**Work item**. Leave out the pictures and print the records below exactly.

**Record set**.
>>>>

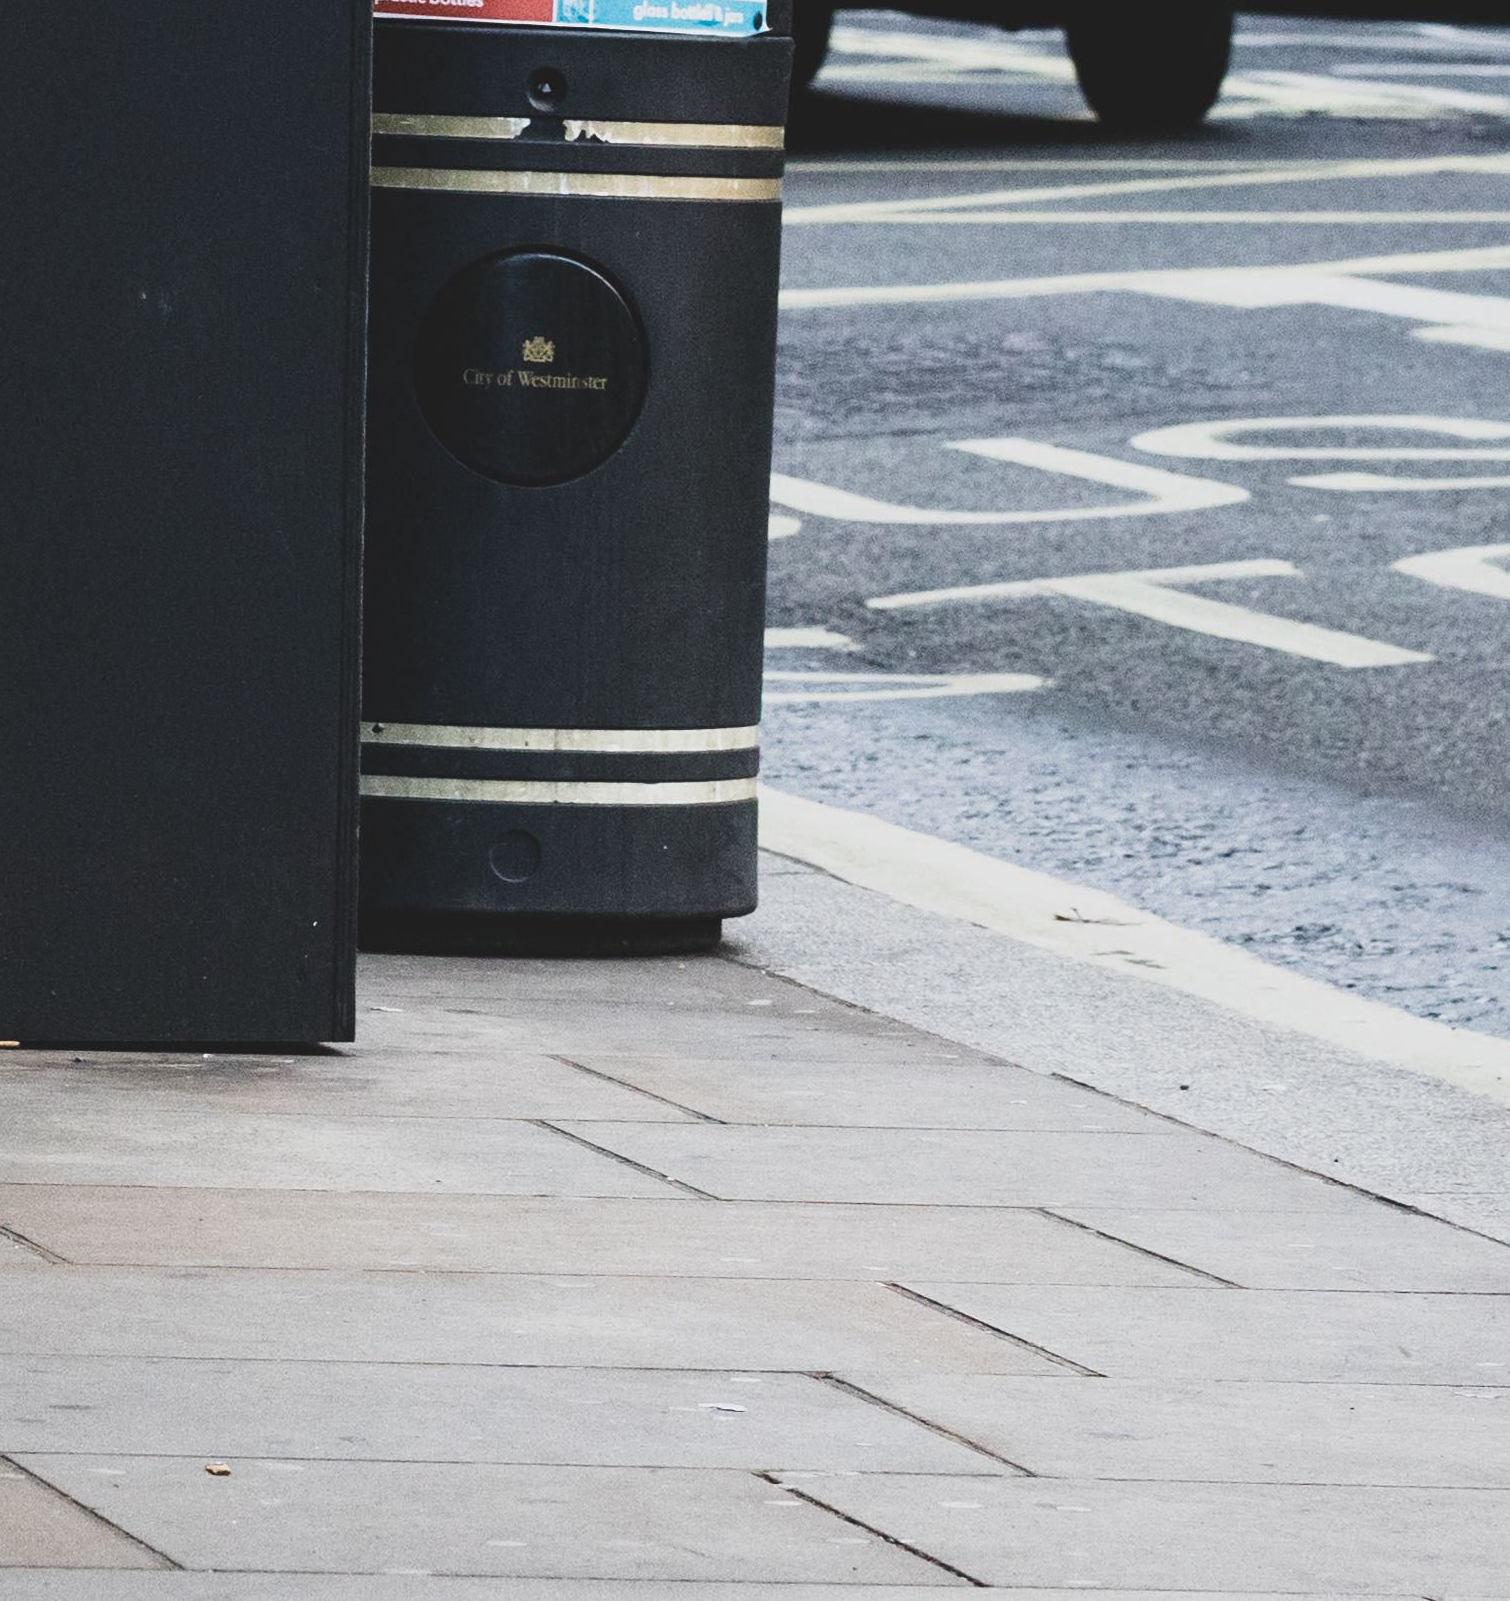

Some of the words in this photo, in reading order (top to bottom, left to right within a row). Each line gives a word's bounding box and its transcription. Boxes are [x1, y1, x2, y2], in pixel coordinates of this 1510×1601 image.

[632, 0, 669, 22] glass
[463, 368, 493, 390] City
[497, 369, 514, 387] of
[517, 371, 608, 390] Westminster
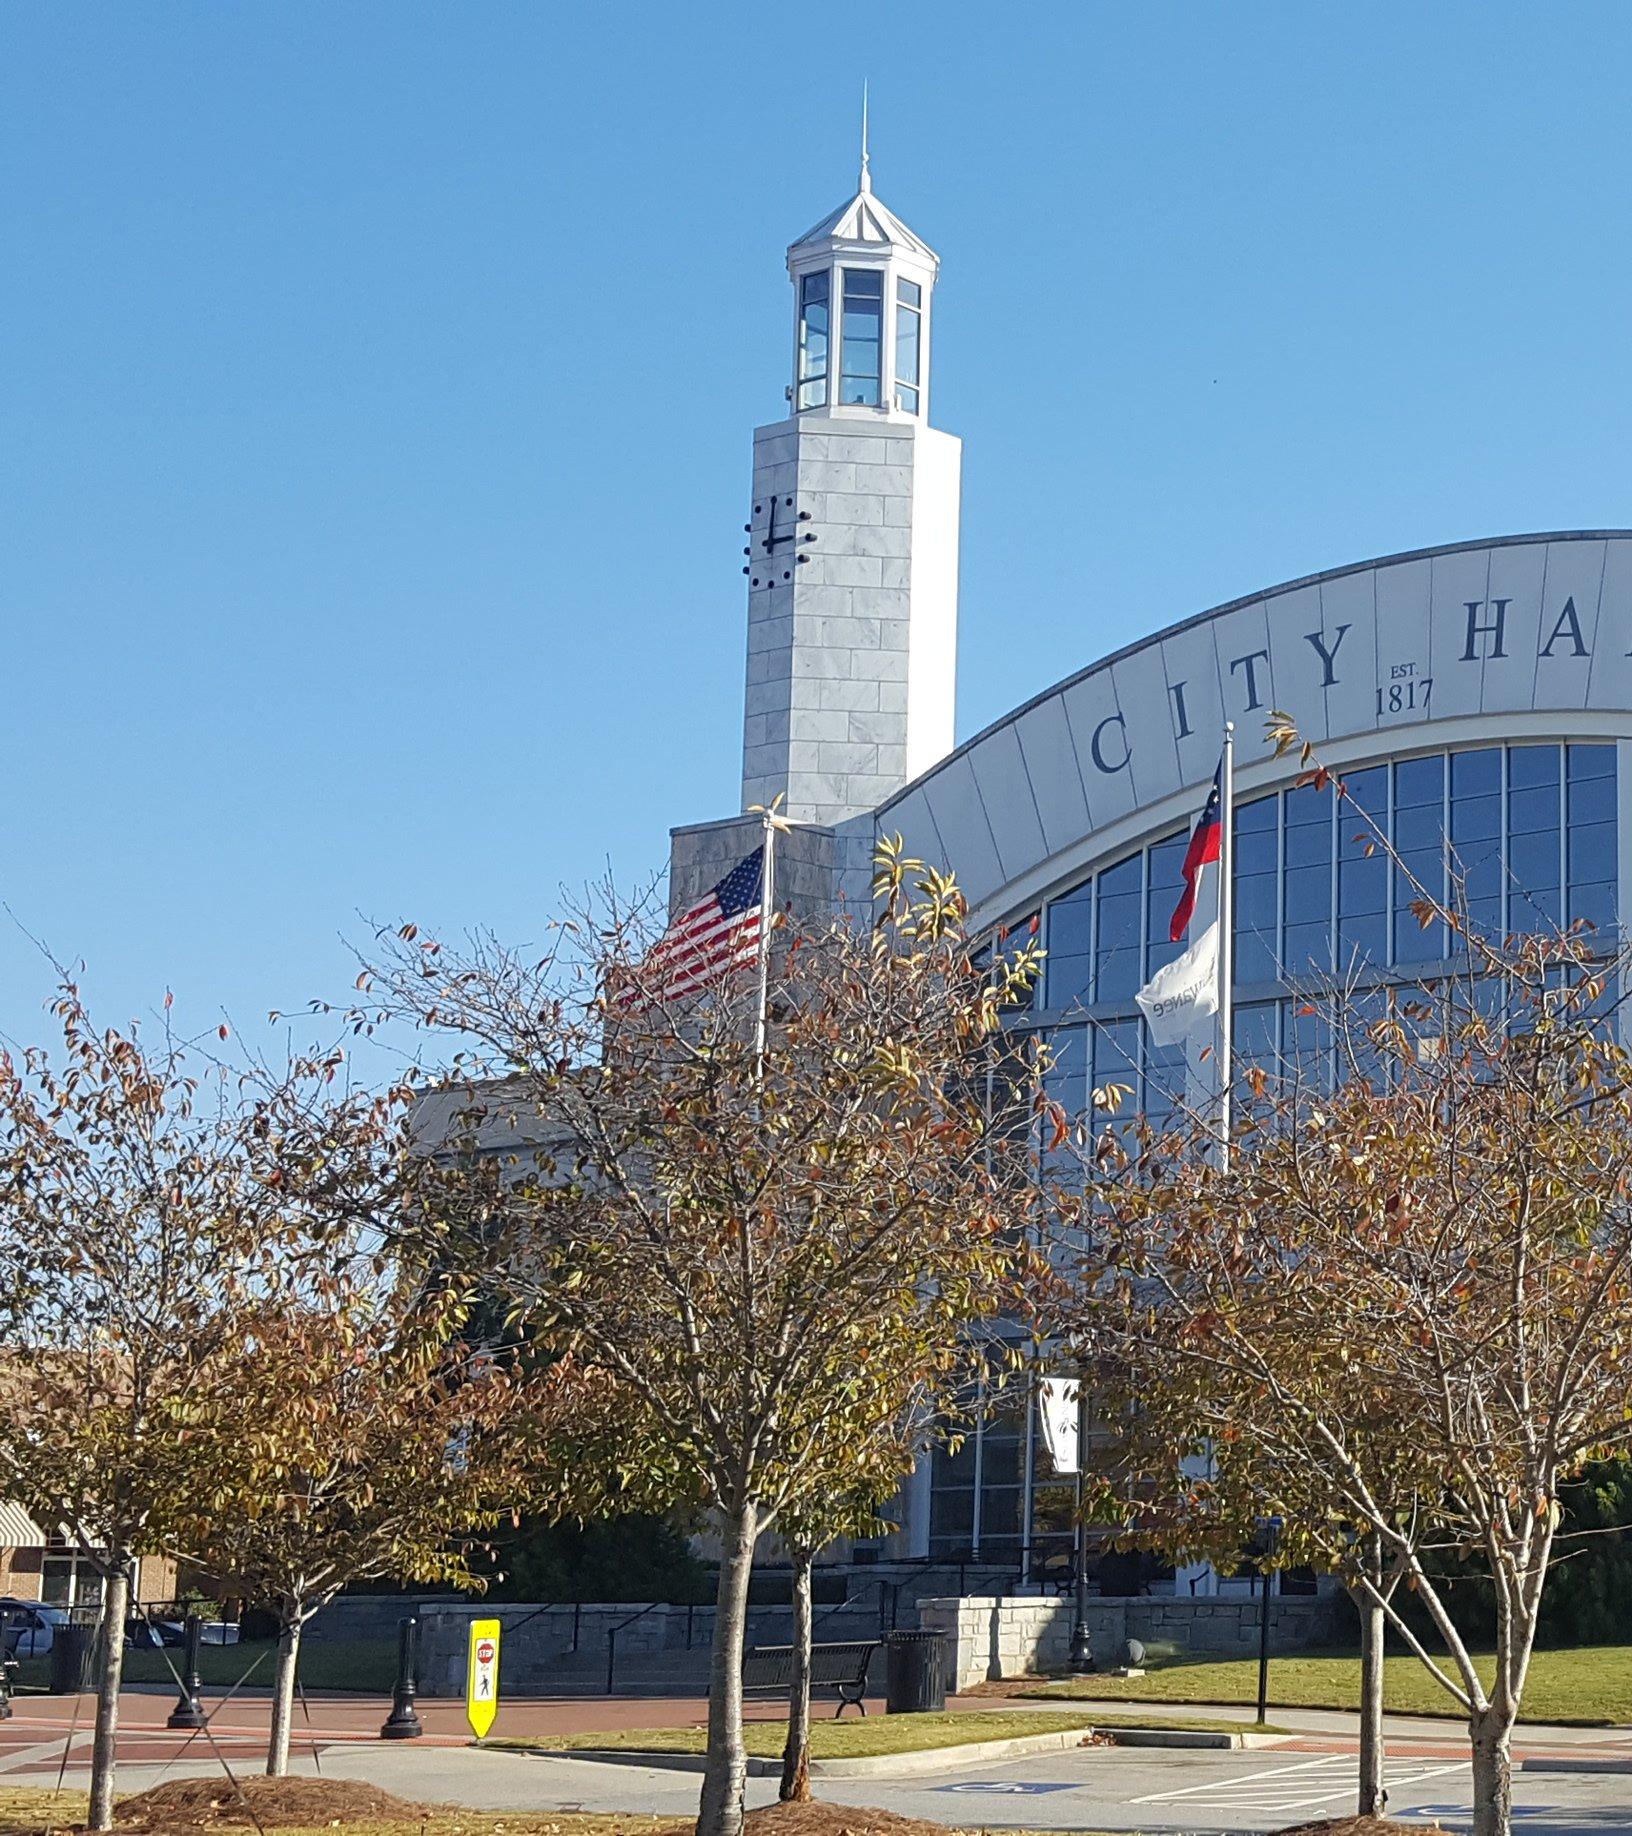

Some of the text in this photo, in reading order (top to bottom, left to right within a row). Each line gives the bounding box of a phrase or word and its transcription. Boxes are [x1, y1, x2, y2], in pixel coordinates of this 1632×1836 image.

<<<<

**Result of this task**.
Some of the words in this photo, in reading order (top to bottom, left to right within a row). Each line gives a word's bounding box and its transcription. Boxes are [x1, y1, x2, y2], in pixel coordinates of this 1510×1601 image.

[632, 0, 669, 22] glass
[463, 368, 493, 390] City
[497, 369, 514, 387] of
[517, 371, 608, 390] Westminster

Some of the text in this photo, in reading order (top to bottom, left to right within a row). Each line gives the bounding box of a phrase or word and its transcription. Boxes are [x1, y1, x2, y2], in pixel coordinates of this 1632×1836 image.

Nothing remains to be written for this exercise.